When you open a new Colab notebook from the WebCampus (like you hopefully did for this one), you cannot save changes. So it's  best to store the Colab notebook in your personal drive `"File > Save a copy in drive..."` **before** you do anything else.

The file will open in a new tab in your web browser, and it is automatically named something like: "**Copy of lec05.ipynb**". You can rename this to just the title of the assignment "**lec05.ipynb**". Make sure you do keep an informative name (like the name of the assignment) so that you know which files to submit back to WebCampus for grading! More instructions on this are at the end of the notebook.

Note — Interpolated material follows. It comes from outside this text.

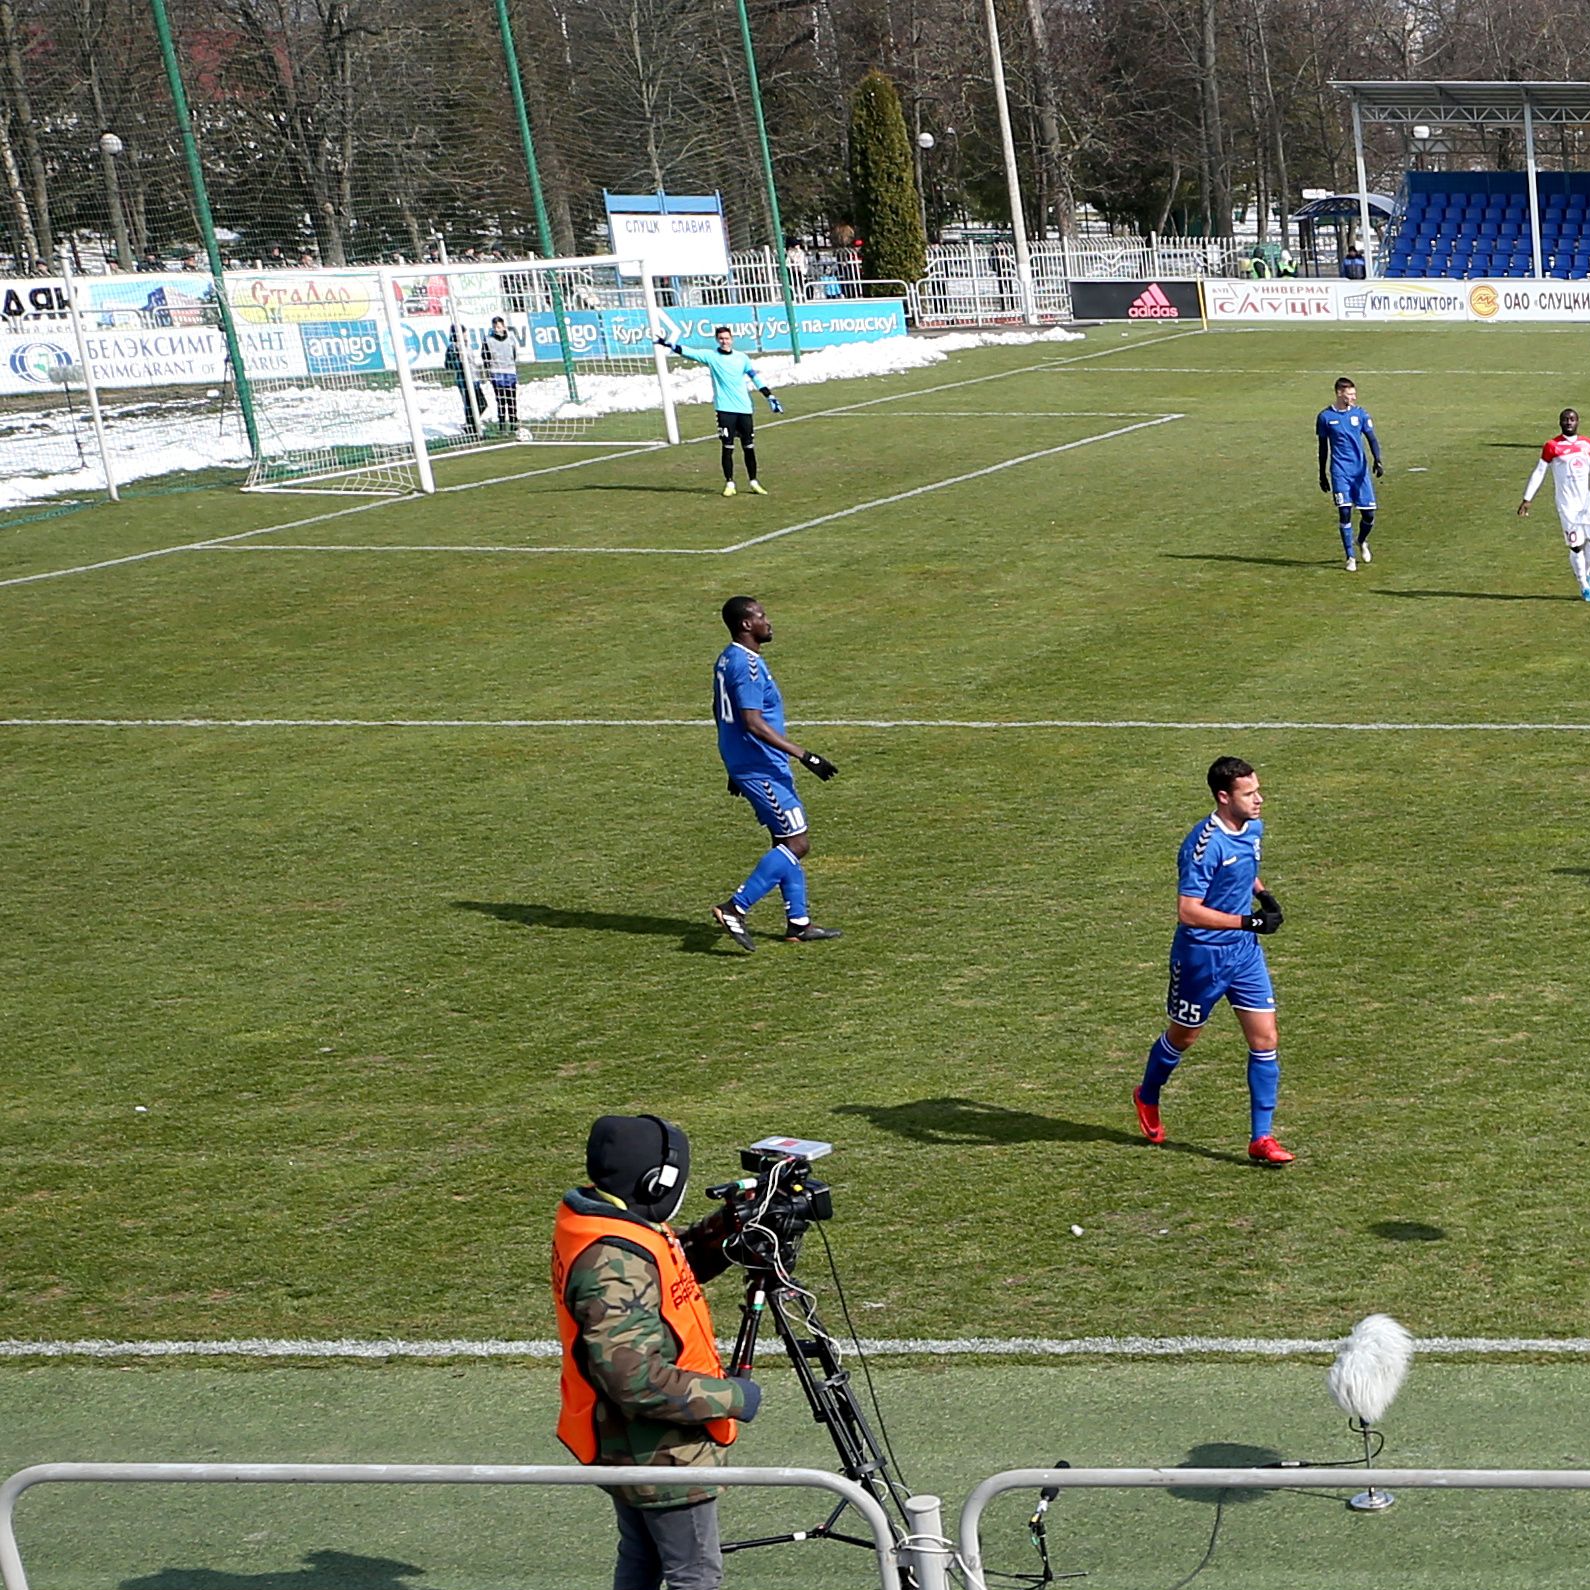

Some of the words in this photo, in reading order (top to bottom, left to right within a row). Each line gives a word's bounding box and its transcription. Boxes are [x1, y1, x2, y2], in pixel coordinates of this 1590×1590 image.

**Where does the notebook get saved in Google Drive?**

By default, the notebook will be copied to a folder called “Colab Notebooks” at the root (home directory) of your Google Drive. If you use this for other courses or personal code notebooks, I recommend creating a folder for this course and then moving the assignments AFTER you have completed them. <br>

I also recommend you give the folder where you save your notebooks^ a different name than the folder we create below that will store the notebook resources you need each time you work through a course notebook. This includes any data files you will need, links to the images that appear in the notebook, and the files associated with the autograder for answer checking.<br>
You should select a name other than '**NS499-DataSci-course-materials**'. <br>
This folder gets overwritten with each assignment you work on in the course, so you should **NOT** store your notebooks in this folder that we use for course materials! <br><br>For example, you could create a folder called 'NS499-**notebooks**' or something along those lines. 

__________

### We will now do the setup steps as separate cells to help with issues finding files in google drive/colab. <br> If you restart colab, you must rerun all **5** steps in each of these cells!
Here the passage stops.